Viscount Eccles
Main Page: Viscount Eccles (Conservative - Excepted Hereditary)Department Debates - View all Viscount Eccles's debates with the HM Treasury
(10 years, 8 months ago)
Lords ChamberMy Lords, there has been much concentration on productivity during this debate, and it is clearly the case that, if recovery is to be sustained and debt and deficit are to be dealt with, productivity is a key component. But I want to think a bit about what we produce as well as how we produce it and, as my noble friend Lord Holmes concentrated on, the social effects as well as dry economic statistics.
In the Budget, the Chancellor gave a general exhortation that we should export more, build more, invest more and manufacture more. It was said, correctly, by many people that the recovery is fragile. There are worries about balance, the supply side, skills, the output gap and unemployment. There is clearly a long road ahead, during which public expenditure will continue to be under pressure. Yet if we think back to the advance of technology and the spread of knowledge as well as the opportunities that they have given us over the years, and if we think about the United Kingdom—a free society with a long and reasonably untroubled history, with a language that has become the leading language of the world and a long tradition of successful higher education—it is quite puzzling how we went into quite such a deep hole in 2008 and why it is taking us so long to climb out of that hole into a sustainable recovery.

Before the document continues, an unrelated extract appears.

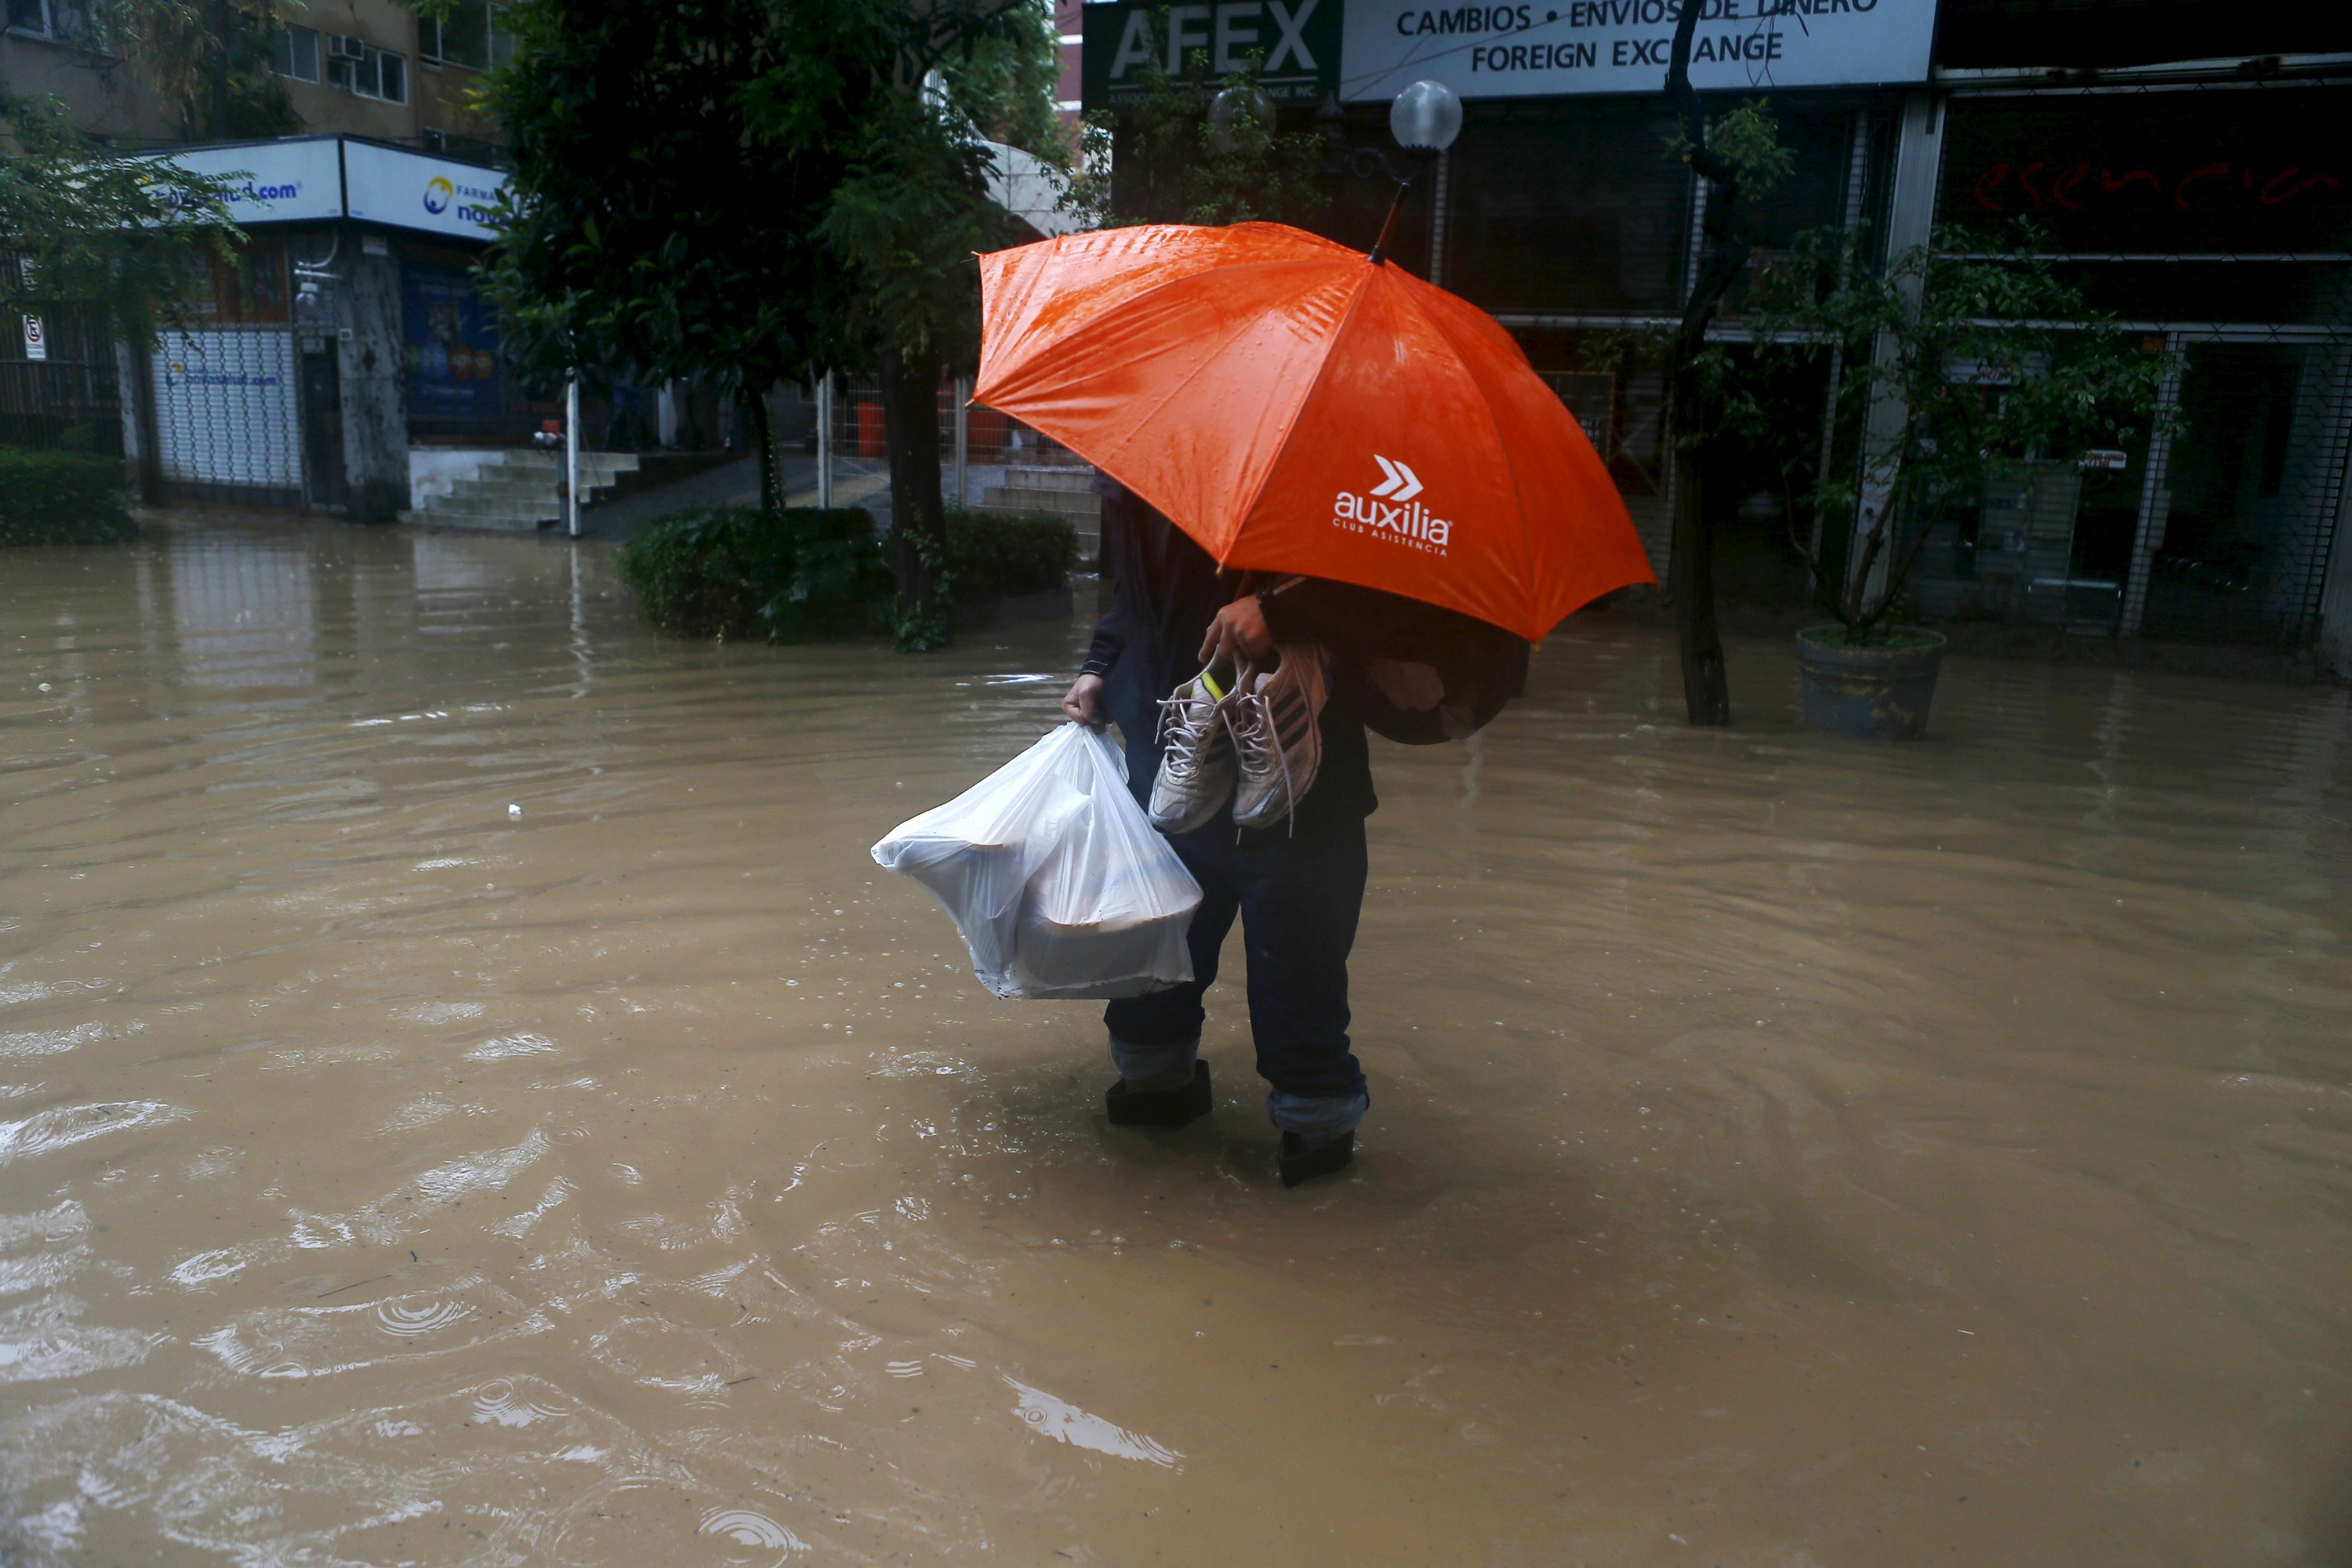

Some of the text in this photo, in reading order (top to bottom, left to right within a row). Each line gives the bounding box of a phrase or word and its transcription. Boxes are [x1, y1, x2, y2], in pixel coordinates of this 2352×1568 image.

What has happened? My first theme is that I think that we have tended to have the wrong idea about economic change. Too often, we have seen it in terms of obsolescence—that things will disappear—but, if you look around, you can see that nothing we make, have made or that we do completely disappears. The employment patterns within that marketplace change, but they do not disappear. New things come, but old things do not go. To go to the romantic end of such a theme, somebody somewhere is knapping flints and thatching a cottage; somebody is still writing a book standing up, like Voltaire or Surtees, and that book will be bound by hand. Of course, in larger industries the changes are much more dramatic—in steel or coal or the subsidiaries of the steel industries, the foundries. Those energy-intensive old industries can become very unfashionable, but there was a time when structural steel looked as if it would go out altogether in favour of prestressed concrete. I shall not trouble the House with a detailed analysis of why, but steel has come back and, largely, prestressed concrete has gone out. Then we remember British Leyland. I come from the north-east, where Middlesbrough is the leading dock for exporting and importing cars; we are now a net exporter of cars, as my noble friend the Minister said. However, what happened to our car designers?

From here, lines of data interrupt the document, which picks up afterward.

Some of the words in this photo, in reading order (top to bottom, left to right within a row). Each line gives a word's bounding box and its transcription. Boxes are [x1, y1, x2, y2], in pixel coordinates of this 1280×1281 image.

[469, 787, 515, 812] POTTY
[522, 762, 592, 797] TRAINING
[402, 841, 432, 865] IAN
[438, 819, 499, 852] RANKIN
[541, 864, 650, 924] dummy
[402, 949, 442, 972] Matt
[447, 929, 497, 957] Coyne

With the opportunities for technological change in the diversity that has been available, what has held us back? Why are we not very considerably more successful in short order than we are today? I think that we can look for myths—big ideas, and worst of all Utopian big ideas, which from time to time have gripped us. The first, which has largely gone, will be all-embracing central planning. Of course, there is a role for government in infrastructural planning because there is no way in which to get the money together unless the Government get involved. But as with HS2 or Hinkley Point, there is a great struggle to get to the decision on a new airport, or whatever—and if the Government get involved in too many areas and go in the wrong direction and the end of the road comes for the National Coal Board, the British Steel Corporation or British shipbuilding, what disasters follow from that? They are distortions and long-term disasters, social as well as economic.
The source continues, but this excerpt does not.